The tube rectifier, meanwhile, shifts the Skylark Special’s touch dynamics from the super-immediate reactivity of a solid-state rectifier to a softer, more-compressed, more sunset-hued kind of tactile sensitivity. But don’t let that lead you to worry about the amp’s more explosive capabilities. There is more than enough high-midrange and treble to make the Skylark Special go bang.
Anglo and Attenuated Alter Egos
The Hiwatt-inspired setting is still dynamic, but it’s a little tighter than the Fullerton-voiced setting. There’s air and mass enough for power jangling or weighty leads. The differences in the Bel-Ray’s tube selection (EL84 power tubes as well as an EF86 in the preamp) means the Skylark Special’s version of the Hiwatt-style voice is—like the amp in general—warm and round in the low-mid zone and softer around the edges, where the Bel-Ray version has more high-end ceiling and less mellow glow in the bass. It definitely gives the Skylark Special a transatlantic reach that enhances its vocabulary and utility.
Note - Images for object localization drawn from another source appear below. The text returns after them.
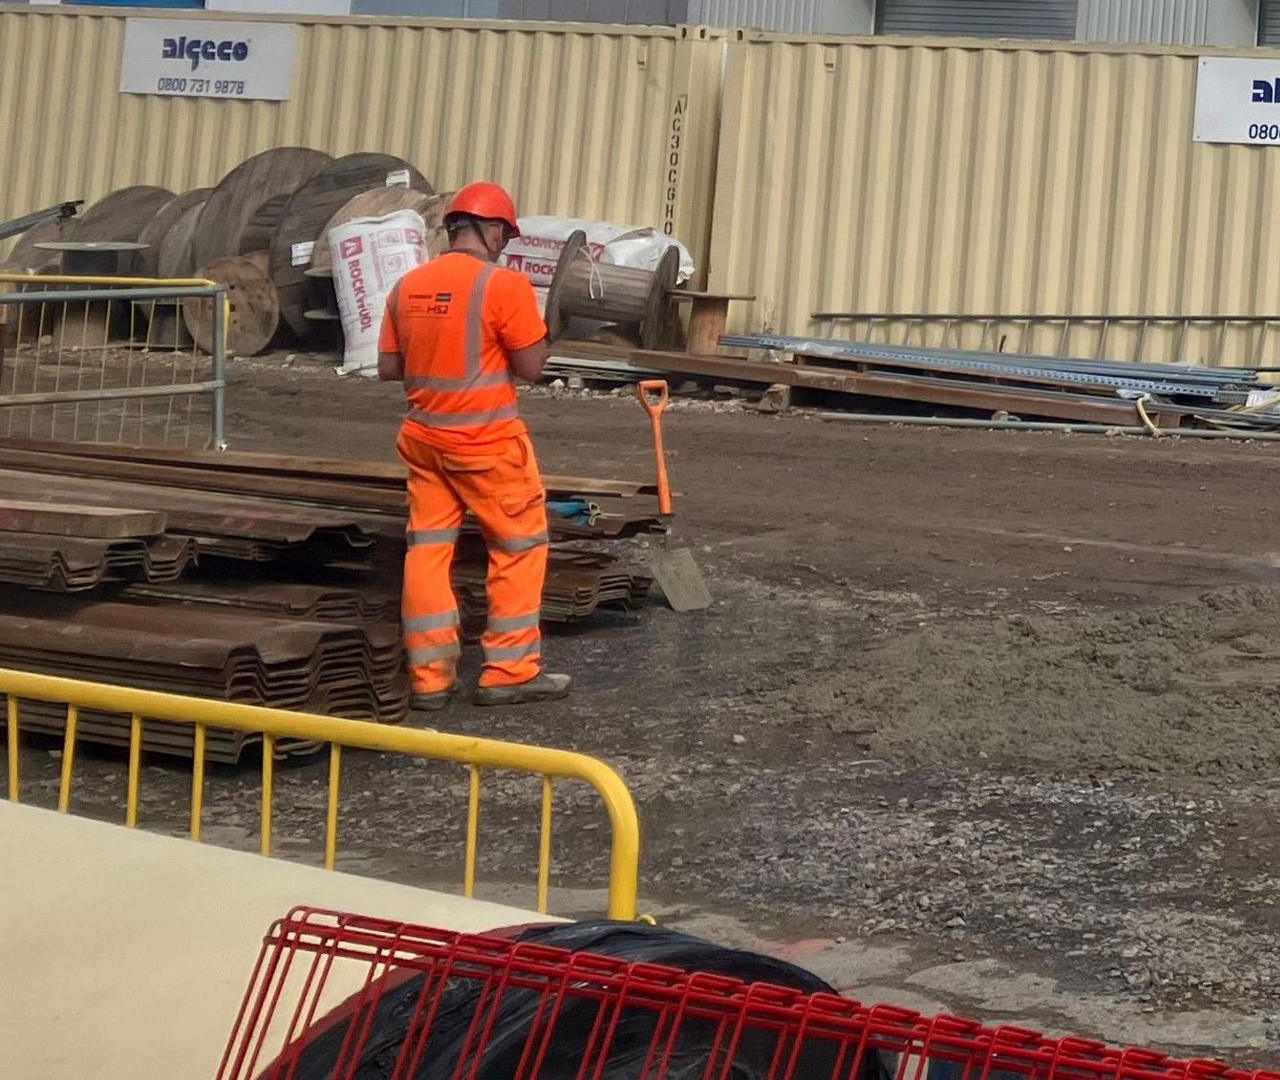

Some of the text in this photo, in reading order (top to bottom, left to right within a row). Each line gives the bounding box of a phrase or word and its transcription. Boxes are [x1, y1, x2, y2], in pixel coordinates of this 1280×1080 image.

[161, 36, 249, 72] algeco
[157, 77, 245, 95] 0800 731 9878
[427, 304, 449, 314] HS2
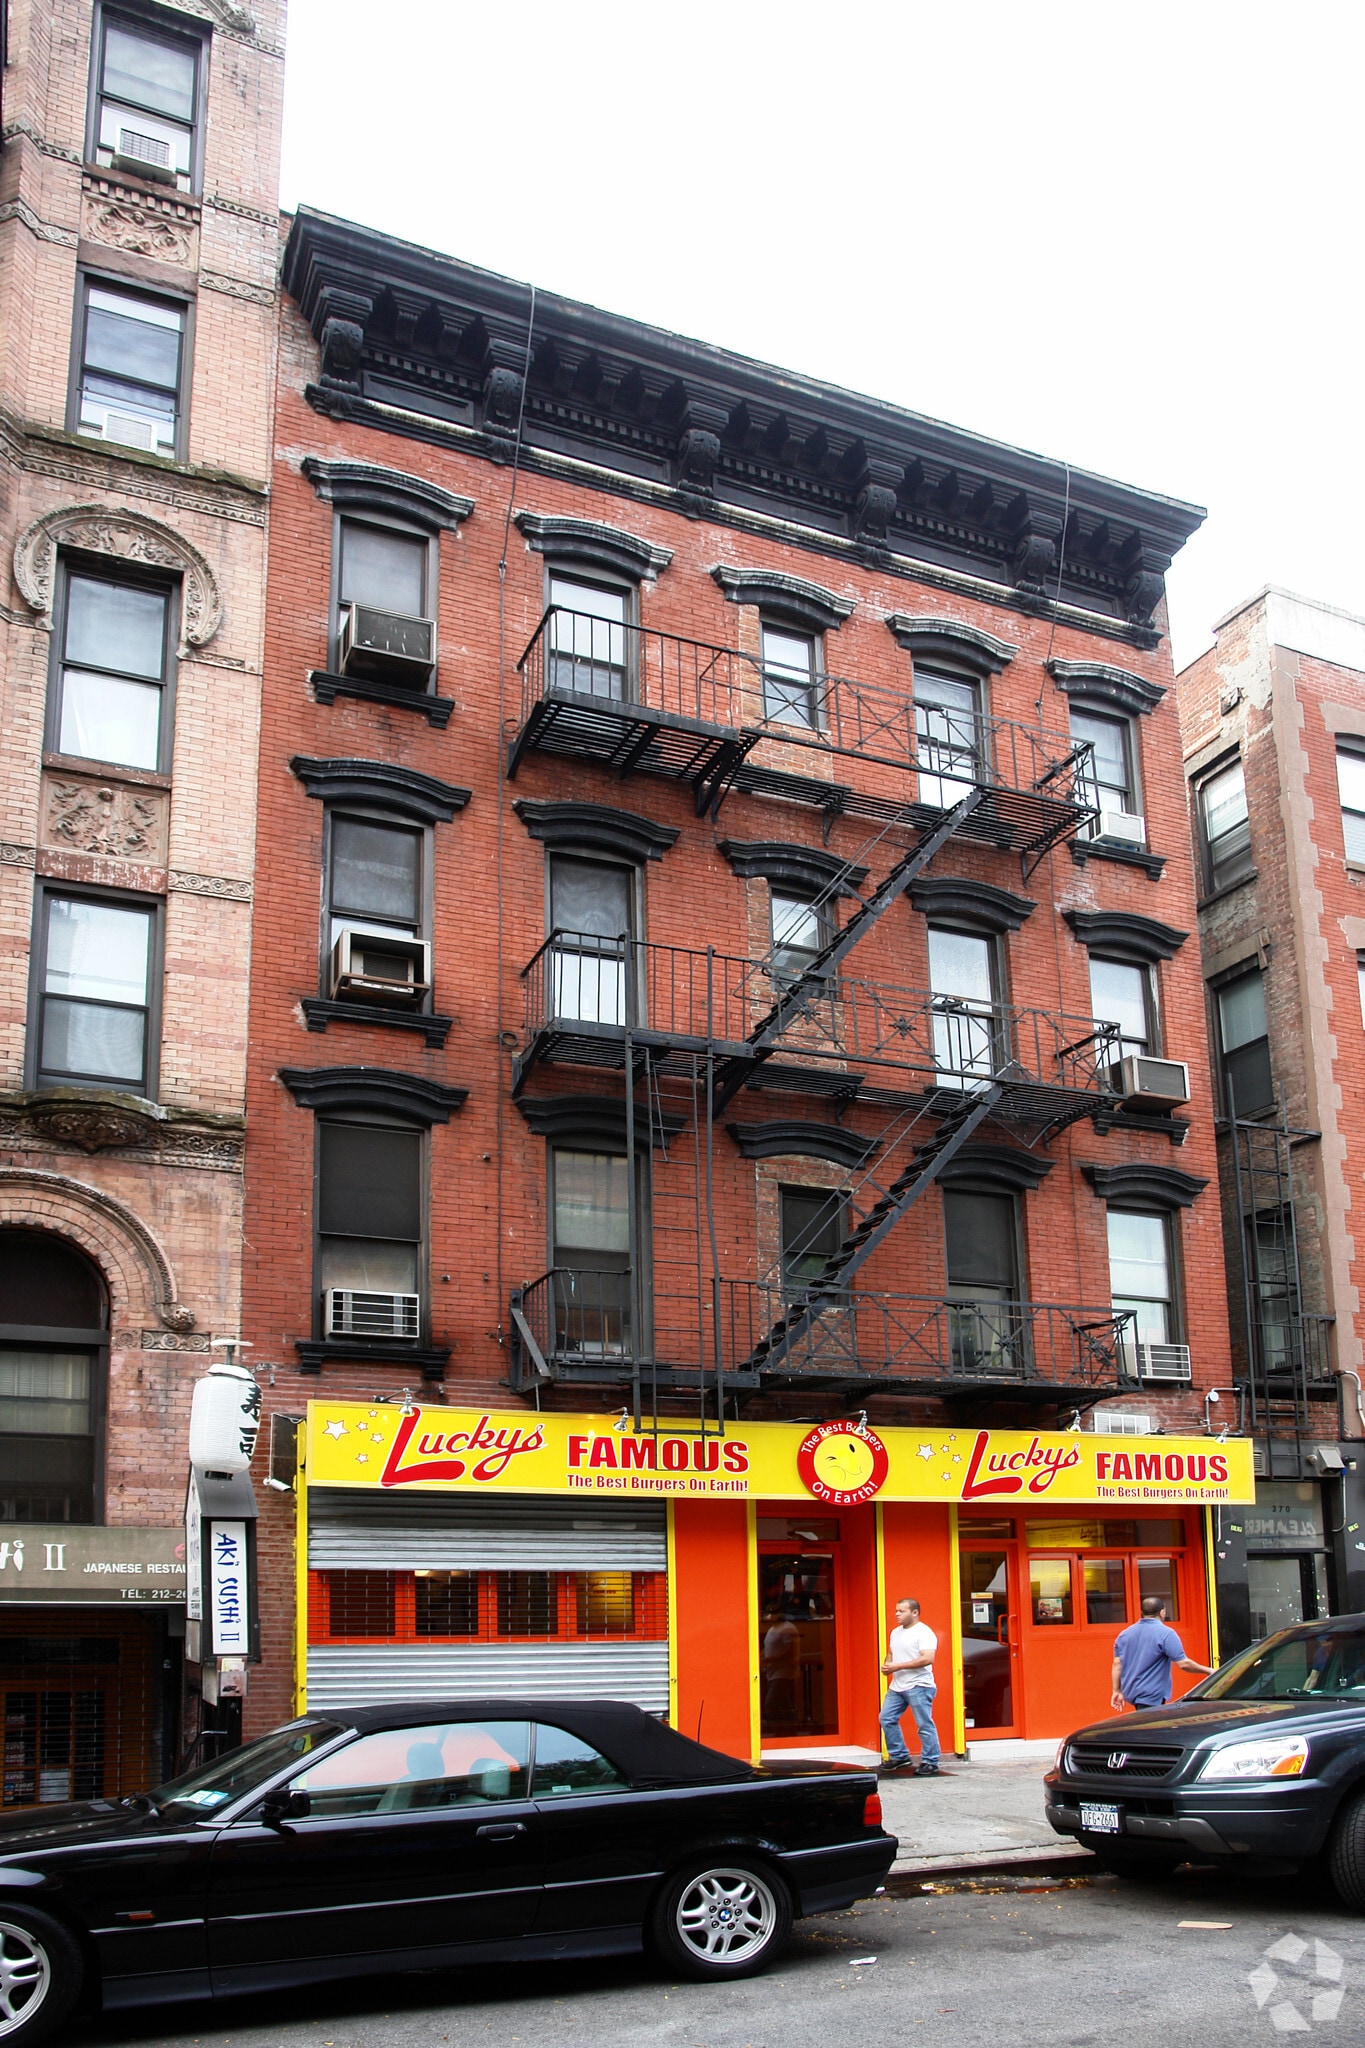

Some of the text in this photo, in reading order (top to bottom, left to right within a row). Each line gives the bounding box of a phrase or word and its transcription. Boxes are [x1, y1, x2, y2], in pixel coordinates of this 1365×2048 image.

[801, 1422, 883, 1453] The Best Bgers
[568, 1435, 749, 1473] FAMOUS
[1096, 1452, 1228, 1482] FAMOUS
[567, 1474, 748, 1491] The Best Burgers On Earth!
[812, 1480, 878, 1503] On Earth!
[1096, 1486, 1229, 1499] The Best Burgers On Earth!
[1271, 1505, 1291, 1513] 370
[83, 1563, 142, 1574] JAPANESE
[120, 1589, 146, 1599] TEL:
Attenuated settings are not just practical for suiting the amps to circumstances and size of space you’re in; they also offer an extra range of colors. The maximum 1.2 watt attenuated setting still churns up thick, filthy overdrive that rings with harmonics.
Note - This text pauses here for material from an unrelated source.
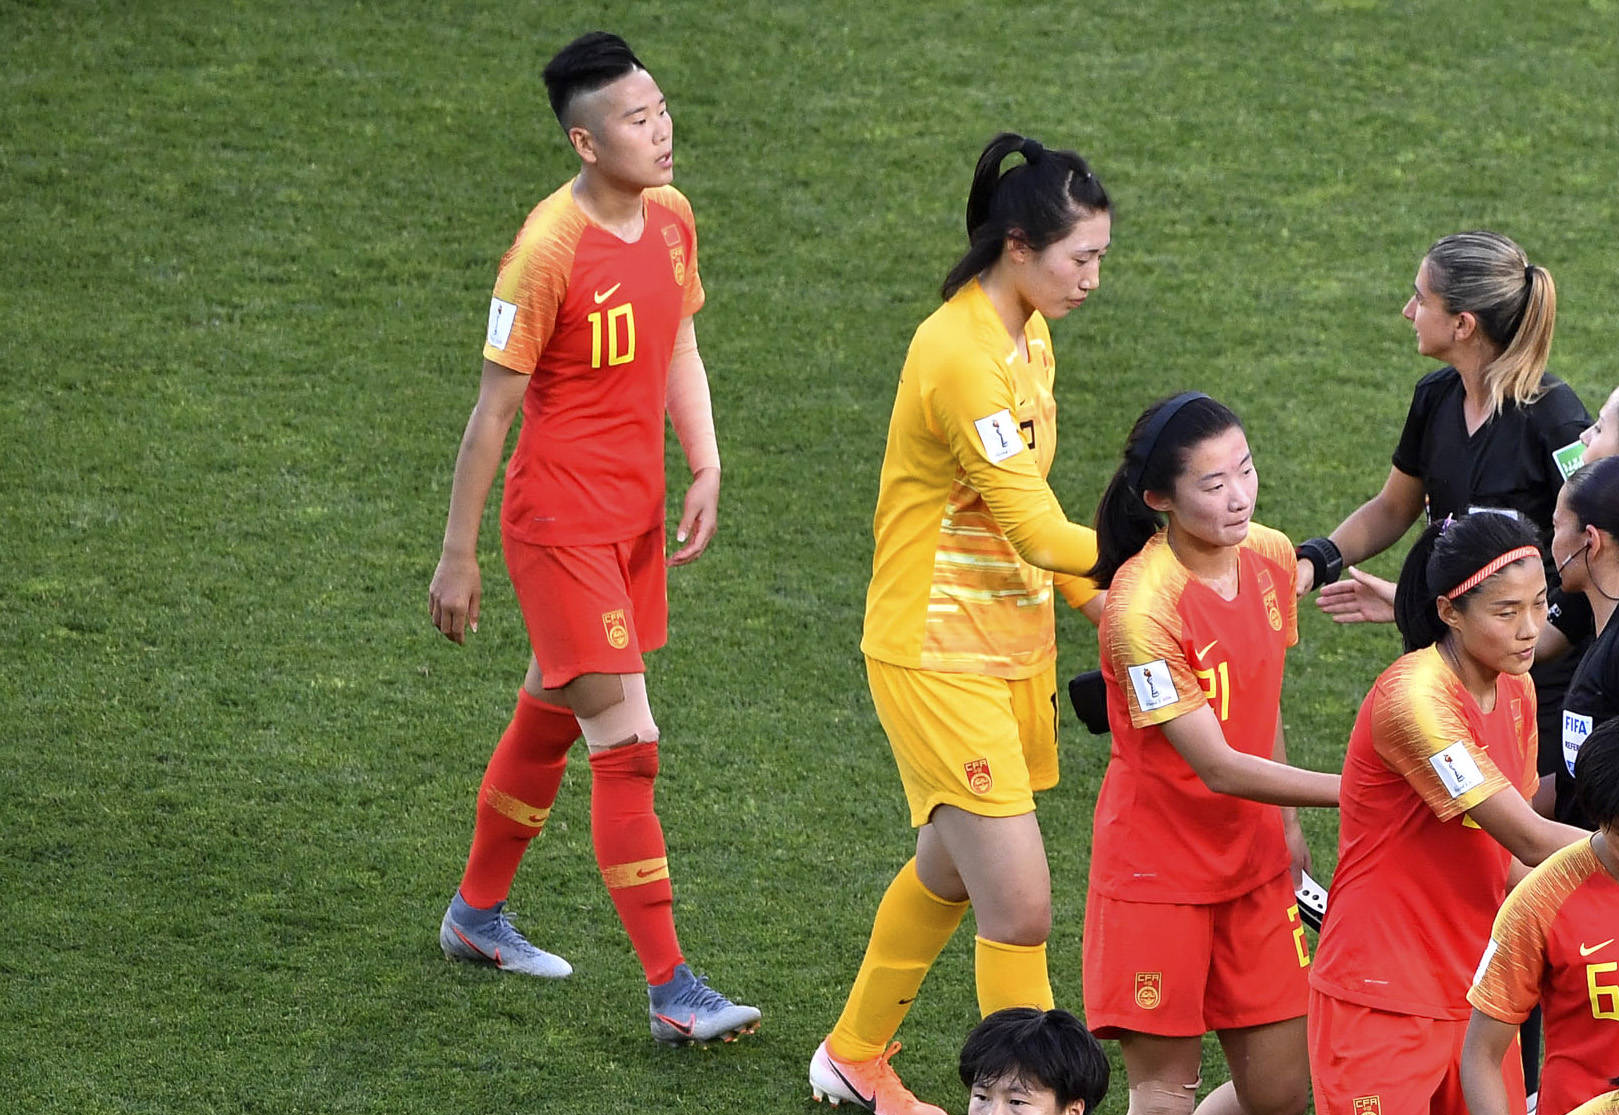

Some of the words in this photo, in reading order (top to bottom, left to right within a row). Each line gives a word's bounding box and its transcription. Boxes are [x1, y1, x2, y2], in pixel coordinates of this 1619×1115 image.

The Skylark Special’s richness and variation means you’ll spend a lot of time with guitar and amp alone. Anything more often feels like an intrusion. But the Skylark Special is a friend to effects. Strength in the low-end and speaker means it humors the gnarliest fuzzes with grace. And with as many shades of clean-to-just-dirty tones as there are here, the personalities of gain devices and other effects shine.
The Verdict
Skylark Special. It’s fun to say—in a hep-cat kind of way. The name is très cool, but the amp itself sounds fabulous, creating a sort of dream union of the Princeton’s and Harvard’s low-volume character, a black-panel Deluxe’s more stage-suited loudness and mass, and a zingier, more focused English cousin. It can be sweet, subdued, surfy, rowdy, and massive. And it works happily with pedals—most notably with fuzzes that can make lesser low-mid-wattage amps cough up hairballs. The price tag smarts. But this is a 12-watt combo that goes, sonically speaking, where few such amps will, and represents a first-class specimen of design and craft.